Dihydromyricetin, almost always called DHM, is a flavonoid extracted from the Japanese raisin tree (Hovenia dulcis) and Chinese vine tea (Ampelopsis grossedentata). Most people use it to take the edge off drinking. A dose before or after alcohol tends to leave you sharper that night and less wrecked the next morning. It's the active ingredient in almost every modern hangover supplement on the market.
DHM helps with faster acetaldehyde clearance, has anti-inflammatory effects and reduce the liver damage but also reduces the buzz (GABA-A antagonism).

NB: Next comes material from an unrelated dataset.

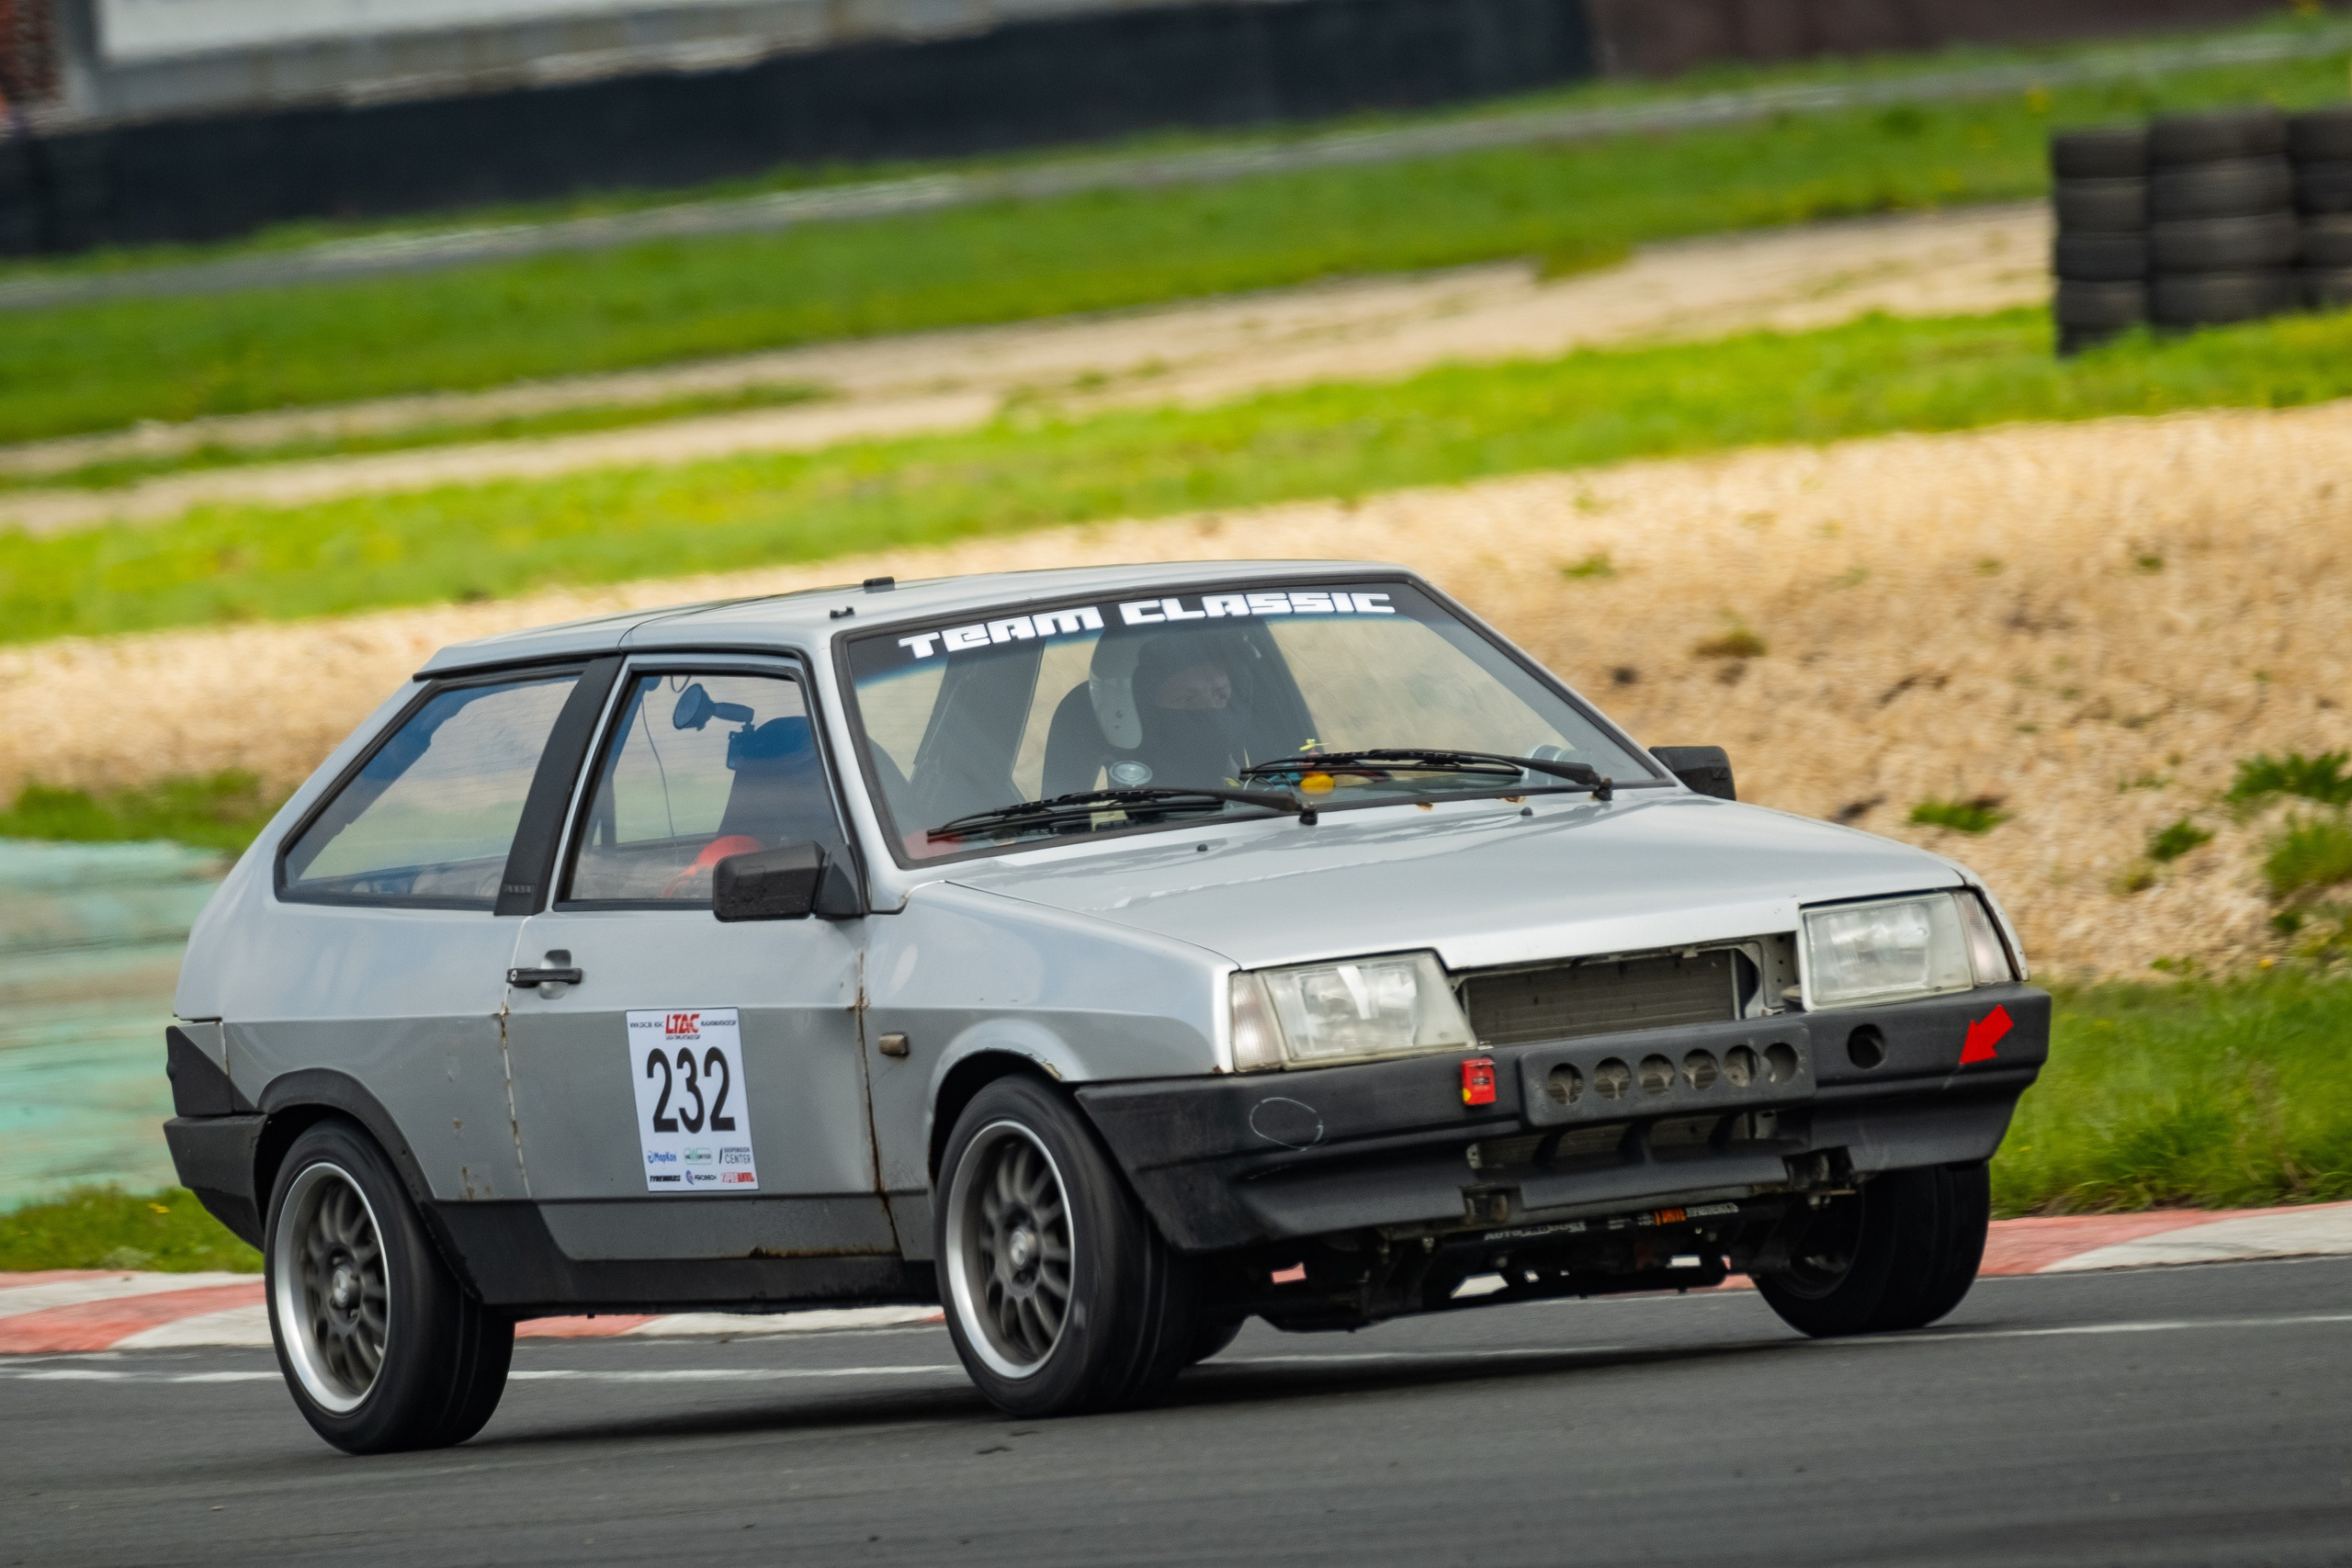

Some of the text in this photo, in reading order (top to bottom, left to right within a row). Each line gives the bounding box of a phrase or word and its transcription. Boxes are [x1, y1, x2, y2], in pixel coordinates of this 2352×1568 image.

DHM seems to blunt some of alcohol's effects on the brain, push the liver to clear alcohol and its toxic byproduct acetaldehyde faster, and reduce the inflammation that drives a lot of hangover symptoms. It won't make heavy drinking safe and it won't stop you from getting drunk if you drink hard enough. What it does, in the people it works for, is shift the experience: you feel the alcohol a bit less acutely, recover a bit faster, and the next morning feels less like a write-off. Separately, there's reasonable human evidence that DHM improves liver function and metabolic markers in people with fatty liver, so it has a second use case for anyone with elevated liver enzymes or NAFLD on bloodwork.
Deep-dive
Dosage:
- For hangover prevention: 300-600 mg taken 30-60 minutes before your first drink. Split-dose for longer sessions: half before, half partway through, or half before and half before bed with a glass of water. Women may need to lean toward the higher end of the range or split-dose more aggressively given faster clearance
- For active hangover (already drunk or the next morning): 300-600 mg with water and food. Effect is more modest than prevention because the peak alcohol and acetaldehyde exposure has already happened, but the anti-inflammatory and ALDH-supporting effects can still help recovery
- For NAFLD or elevated liver enzymes: 300 mg twice daily for at least 3 months, the protocol used in the Chen 2015 RCT. This is a daily regimen, not situational. Recheck liver enzymes at 3 months
- Timing: Bioavailability is poor and the half-life is short (around 3-4 hours), so timing matters more than for most supplements. Take it close to the alcohol exposure, not hours before. Taking it with a fatty meal may slow absorption slightly but also extend the window, which can be useful for long drinking sessions
- Forms: Standardised DHM extract powder or capsules (look for 98%+ purity from a reputable source) is the cleanest option. Whole-plant Hovenia dulcis fruit extract is what most of the human trials actually used, contains other flavonoids and quercetin that may contribute to the effect, and works fine if that's what's available. Avoid stacks that include curcumin, daidzein, or resveratrol with DHM, a 2020 study showed those combinations diminished DHM's GABA-A activity in vitro, possibly through competitive binding
- Stacks: Pairs well with Glutathione or its precursor NAC for the acetaldehyde-clearing side, since glutathione is the cofactor for the next step in alcohol metabolism. Pairs with electrolytes and water for the hangover use case, since alcohol's diuretic effect is independent of DHM's mechanism. Do not stack with Benzodiazepines (alprazolam, clonazepam, diazepam, lorazepam), Z-drugs, or other GABA-A agonists, the interaction is theoretically antagonistic and clinically untested in humans
- DHM is not a license to drink more. The dose-response on liver damage, brain volume loss, blood pressure, and cancer risk from alcohol is linear with no threshold, and DHM doesn't change any of that. It can take the edge off the acute experience and the next-morning hangover, nothing more
Here's what you can expect:
If DHM works for you, the most common subjective effects are: you feel the alcohol slightly less, you sober up a bit faster (the second half of a drinking session feels less impaired than usual), and the next morning is noticeably less rough. Headache, nausea, and brain fog are typically what improve most. The effect is real but modest, somewhere in the range of one or two fewer drinks' worth of hangover, not a complete eraser. People expecting to feel completely fine after a hard night will be disappointed.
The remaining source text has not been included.